Monday, March 5, 2007

Seizing the day

Friday we went to Amsterdam to work with our rythm analysis.We wanted to film at three scales simultaneously, capturing one event from the detail to its context. Originally we wanted to have one camera on street level, and the other two in a slightly higher position in order to get a better view. That proved difficult, though, so we ended up having all three cameras on street level.

Camera 1 was placed in one of the alleys between Chinatown and the Red Light District, directed towards a window in which a prostitute was working. Camera 2 was placed in the Zeedijk, where it intersects with the alley, capturing people going in and out of the alley.

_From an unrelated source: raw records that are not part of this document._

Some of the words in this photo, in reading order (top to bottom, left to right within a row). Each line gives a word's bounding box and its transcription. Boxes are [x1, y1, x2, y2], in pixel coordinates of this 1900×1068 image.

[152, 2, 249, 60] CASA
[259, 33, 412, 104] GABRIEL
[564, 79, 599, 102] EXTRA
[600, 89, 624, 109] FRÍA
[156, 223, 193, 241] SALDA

Camera 3 we put on a tripod in Nieuw Markt, directed towards the Zeedijk.

We captured people, mostly men, passing in the alley, looking at the women in the window, pausing to consider whether or not to go inside. Some did, some didn’t, some changed their mind and come back.

We saw herds of tourists walking from the alley and up the Zeedijk, we saw chinese women and men carrying shoppingbags from one of the chinese supermarkets in the area, a man picking up trash, police on bicycles, a horse and buggy.

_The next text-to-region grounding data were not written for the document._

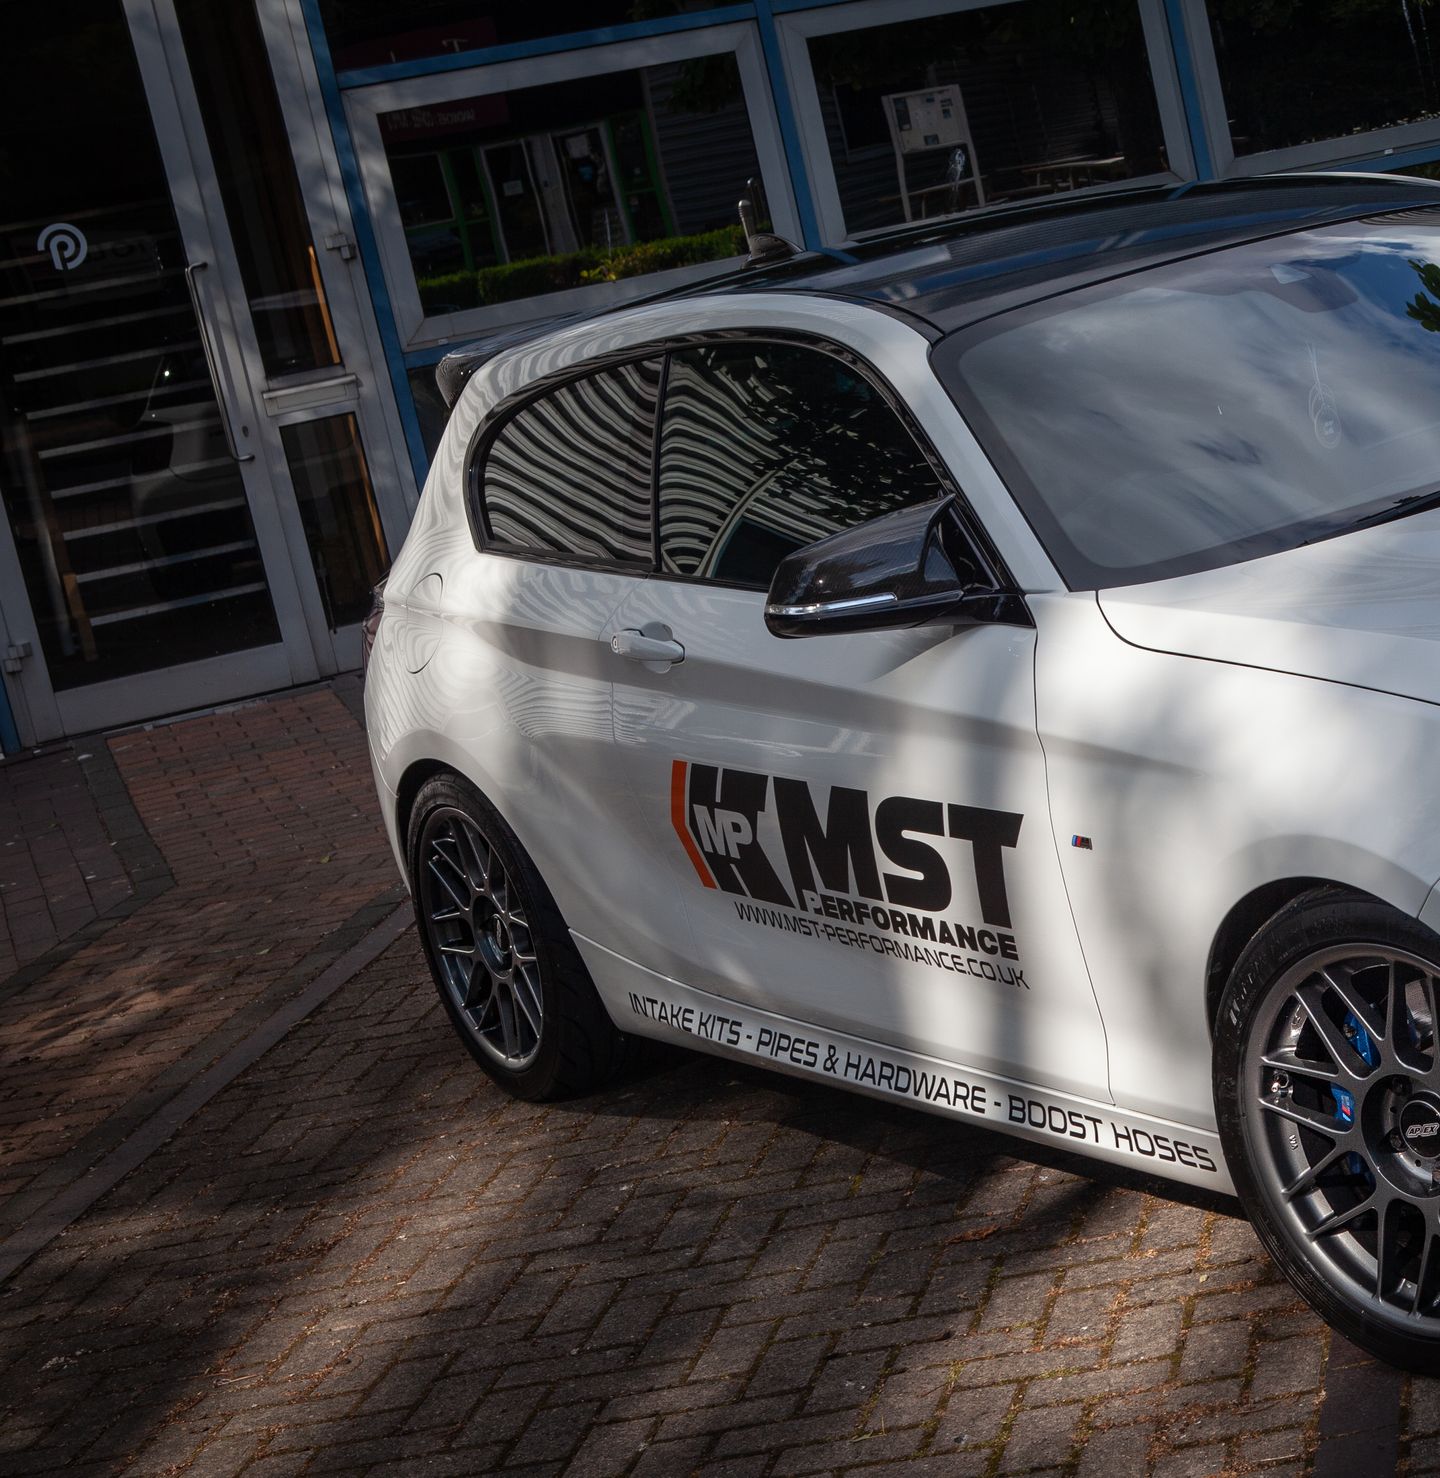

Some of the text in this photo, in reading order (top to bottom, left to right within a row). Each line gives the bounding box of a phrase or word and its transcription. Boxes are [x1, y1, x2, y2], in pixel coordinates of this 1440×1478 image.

[734, 900, 1031, 991] WWW.MST-PERFORMANCE.CO.UK
[801, 888, 1021, 962] PERFORMANCE
[628, 991, 695, 1033] INTAKE
[698, 1011, 743, 1046] KITS
[756, 1027, 820, 1068] PIPES
[823, 1044, 838, 1075] &
[843, 1051, 986, 1114] HARDWARE
[1008, 1094, 1103, 1144] BOOST
[1110, 1121, 1218, 1173] HOSES

We saw more tourists, cars running, people going in and out of cafes, people stopping in the street talking to eachother, a woman with a baby stopping to talk to us.

At the end of our day in Amsterdam, the pace of movement seemed to change a little, in a way everything became more dense, concentrated, focused. Many of the random tourists are gone by this time, the ones that are left seem to have more of a purpose. Taxis were almost the only kind of veichle passing in Zeedijk, though passing isn’t exactly the right word, because almost all of them stop at our intersection, letting people on and off. When the everyday-life is coming to an end and leaves the place to the every-night-life, it takes with it a lot of the activites and the people performing them, and the activities brought by the night don’t quite make up for the loss.